◆ WORK REQUEST: Write the listing out again word for word, skipping each picture.

◆ ENTRIES PROVIDED:
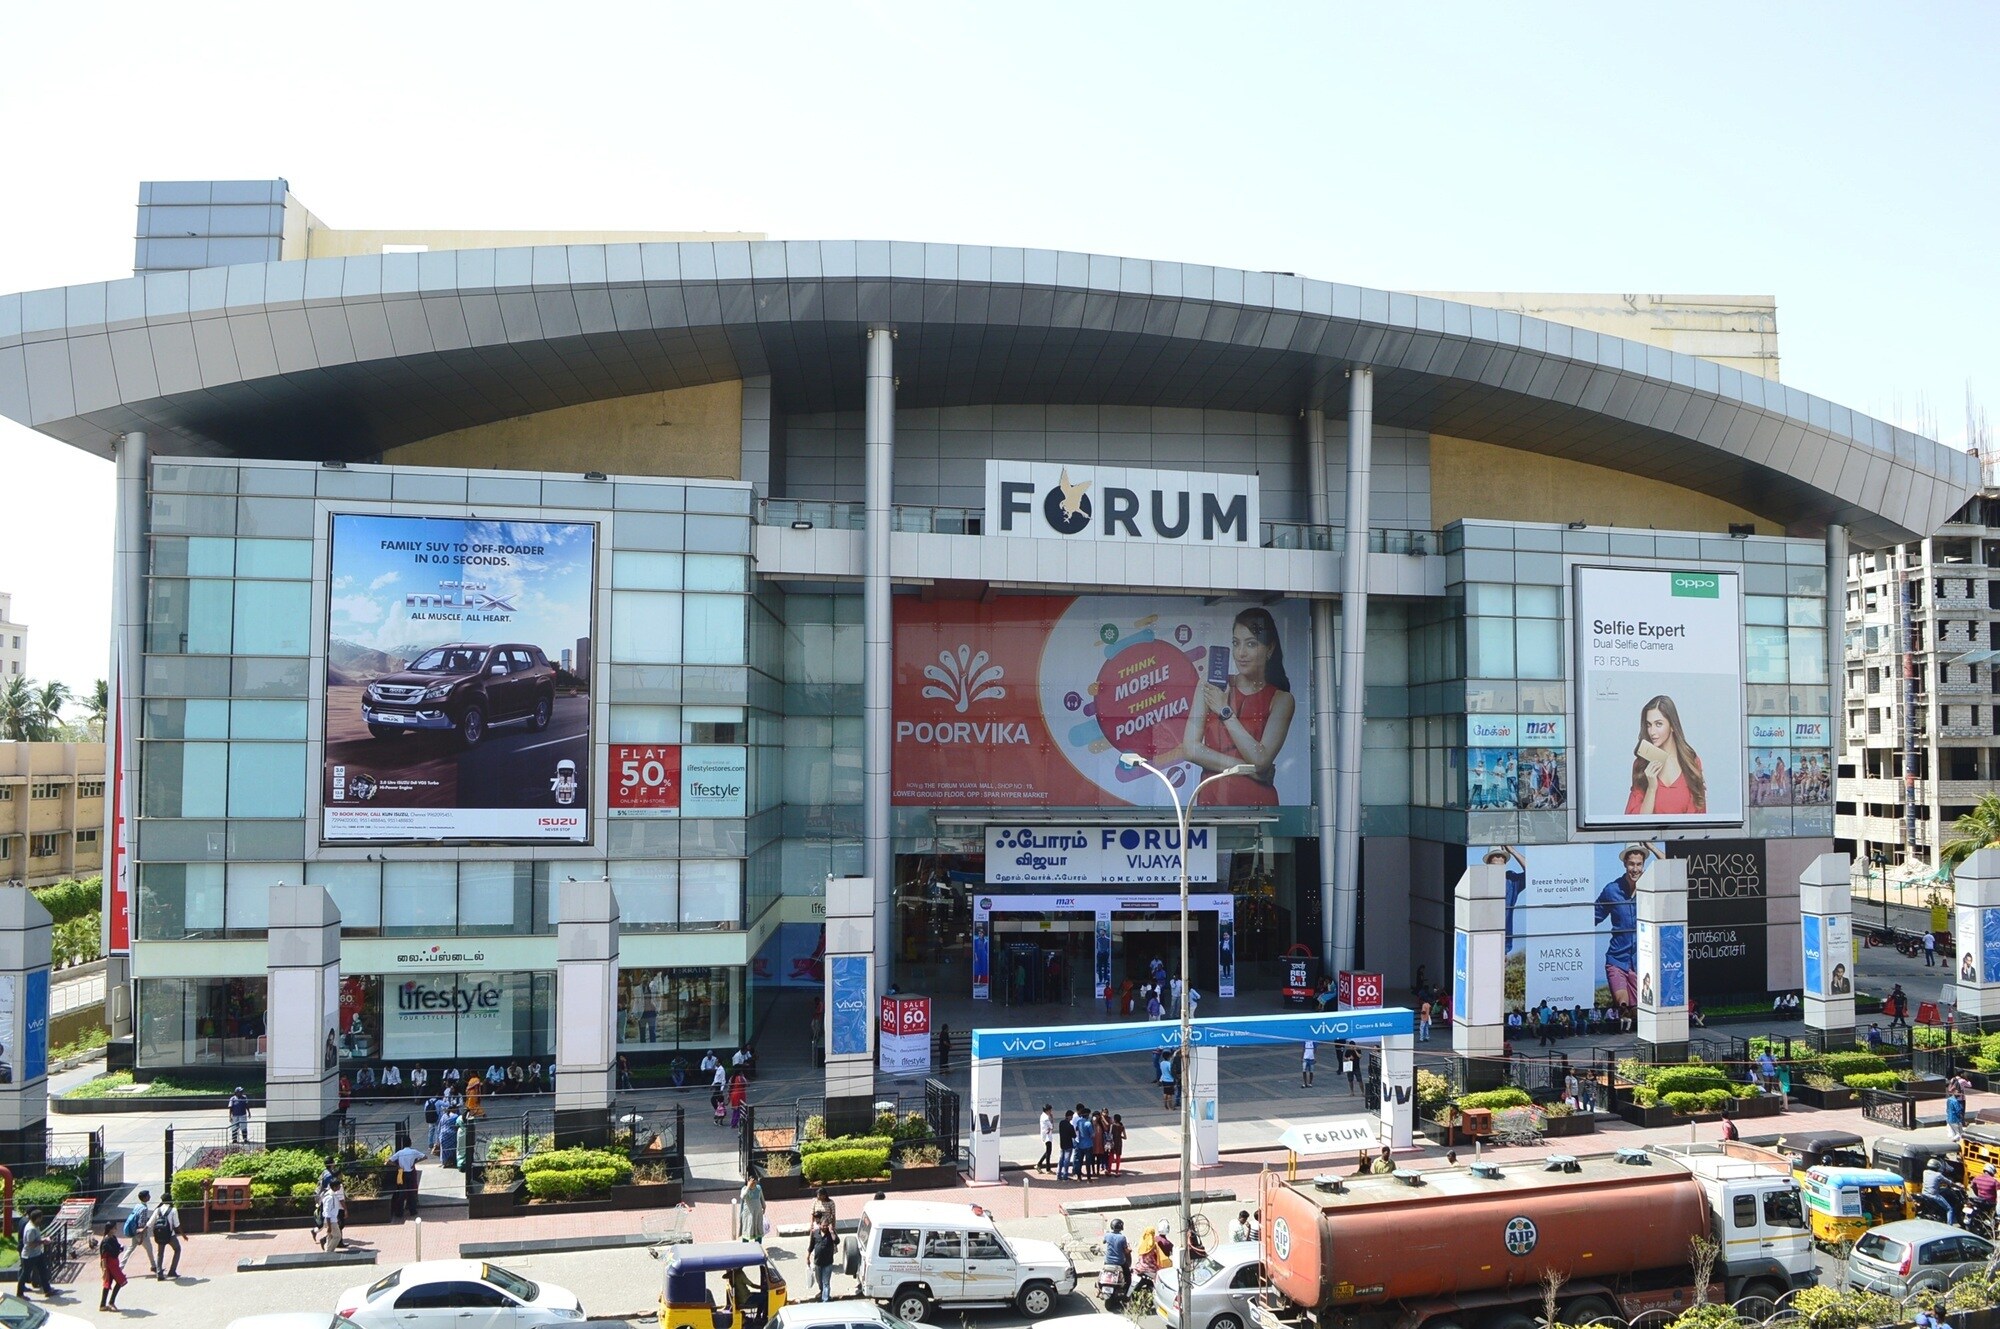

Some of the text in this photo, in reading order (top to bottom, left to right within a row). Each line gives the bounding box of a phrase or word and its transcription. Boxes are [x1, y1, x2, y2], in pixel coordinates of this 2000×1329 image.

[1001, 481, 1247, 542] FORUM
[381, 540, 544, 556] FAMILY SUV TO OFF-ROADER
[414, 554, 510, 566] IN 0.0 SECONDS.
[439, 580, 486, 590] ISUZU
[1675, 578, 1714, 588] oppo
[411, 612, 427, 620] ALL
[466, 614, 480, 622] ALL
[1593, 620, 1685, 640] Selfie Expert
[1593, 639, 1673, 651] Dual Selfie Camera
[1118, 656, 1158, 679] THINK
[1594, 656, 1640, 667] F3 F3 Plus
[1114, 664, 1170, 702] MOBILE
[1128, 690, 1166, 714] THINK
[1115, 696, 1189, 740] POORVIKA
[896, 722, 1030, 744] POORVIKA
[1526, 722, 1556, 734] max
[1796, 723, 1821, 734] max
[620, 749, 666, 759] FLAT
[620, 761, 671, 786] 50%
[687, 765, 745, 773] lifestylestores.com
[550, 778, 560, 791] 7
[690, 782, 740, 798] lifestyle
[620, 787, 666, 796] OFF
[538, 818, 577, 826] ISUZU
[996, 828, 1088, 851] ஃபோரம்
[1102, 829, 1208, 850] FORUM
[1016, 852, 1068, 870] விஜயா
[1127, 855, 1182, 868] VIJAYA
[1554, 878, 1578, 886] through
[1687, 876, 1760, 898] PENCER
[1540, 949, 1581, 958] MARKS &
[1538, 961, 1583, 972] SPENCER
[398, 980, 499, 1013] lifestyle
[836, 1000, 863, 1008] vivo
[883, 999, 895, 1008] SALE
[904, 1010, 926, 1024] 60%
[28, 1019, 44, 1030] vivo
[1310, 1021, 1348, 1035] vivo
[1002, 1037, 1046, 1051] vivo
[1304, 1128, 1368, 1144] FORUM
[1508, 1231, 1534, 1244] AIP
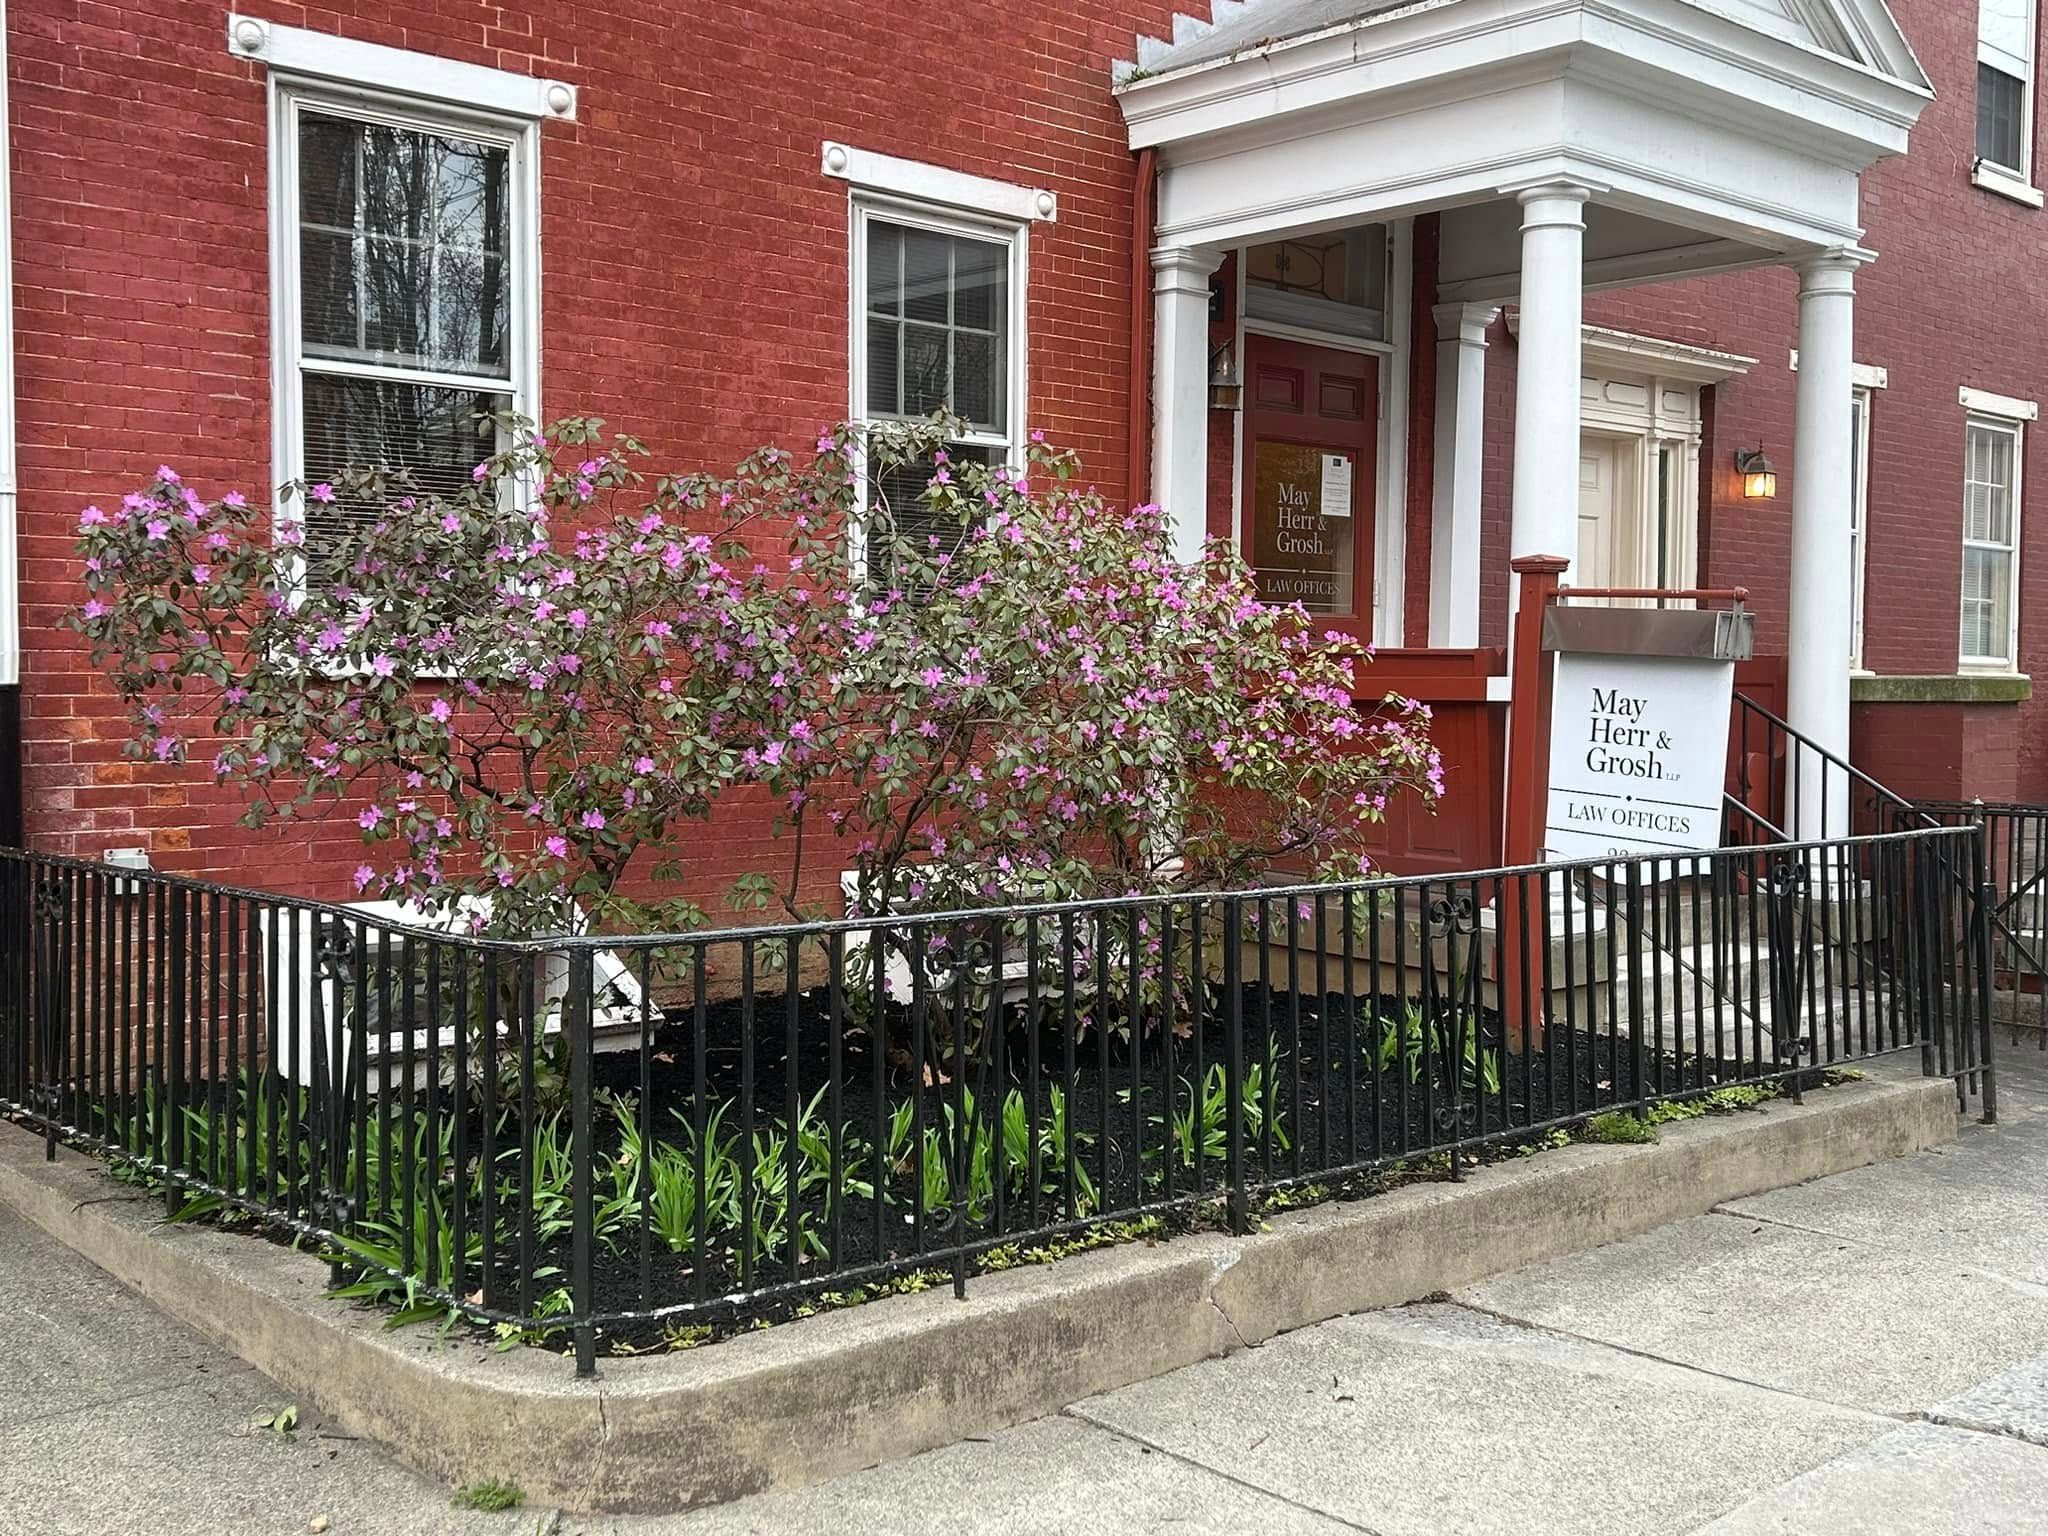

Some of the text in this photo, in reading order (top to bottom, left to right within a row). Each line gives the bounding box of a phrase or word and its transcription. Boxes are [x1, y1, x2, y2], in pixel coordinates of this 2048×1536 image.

◆ RESPONSE TO THIS TASK:
Some of the text in this photo, in reading order (top to bottom, left to right within a row). Each line gives the bounding box of a phrase or word and its transcription. Boxes are [x1, y1, x2, y2], in pixel coordinates of this 2000×1329 image.

[1001, 481, 1247, 542] FORUM
[381, 540, 544, 556] FAMILY SUV TO OFF-ROADER
[414, 554, 510, 566] IN 0.0 SECONDS.
[439, 580, 486, 590] ISUZU
[1675, 578, 1714, 588] oppo
[411, 612, 427, 620] ALL
[466, 614, 480, 622] ALL
[1593, 620, 1685, 640] Selfie Expert
[1593, 639, 1673, 651] Dual Selfie Camera
[1118, 656, 1158, 679] THINK
[1594, 656, 1640, 667] F3 F3 Plus
[1114, 664, 1170, 702] MOBILE
[1128, 690, 1166, 714] THINK
[1115, 696, 1189, 740] POORVIKA
[896, 722, 1030, 744] POORVIKA
[1526, 722, 1556, 734] max
[1796, 723, 1821, 734] max
[620, 749, 666, 759] FLAT
[620, 761, 671, 786] 50%
[687, 765, 745, 773] lifestylestores.com
[550, 778, 560, 791] 7
[690, 782, 740, 798] lifestyle
[620, 787, 666, 796] OFF
[538, 818, 577, 826] ISUZU
[996, 828, 1088, 851] ஃபோரம்
[1102, 829, 1208, 850] FORUM
[1016, 852, 1068, 870] விஜயா
[1127, 855, 1182, 868] VIJAYA
[1554, 878, 1578, 886] through
[1687, 876, 1760, 898] PENCER
[1540, 949, 1581, 958] MARKS &
[1538, 961, 1583, 972] SPENCER
[398, 980, 499, 1013] lifestyle
[836, 1000, 863, 1008] vivo
[883, 999, 895, 1008] SALE
[904, 1010, 926, 1024] 60%
[28, 1019, 44, 1030] vivo
[1310, 1021, 1348, 1035] vivo
[1002, 1037, 1046, 1051] vivo
[1304, 1128, 1368, 1144] FORUM
[1508, 1231, 1534, 1244] AIP

Some of the text in this photo, in reading order (top to bottom, left to right within a row). Each line gives the bounding box of a phrase or word and its transcription. Boxes are [x1, y1, x2, y2], in pixel coordinates of this 2048×1536 image.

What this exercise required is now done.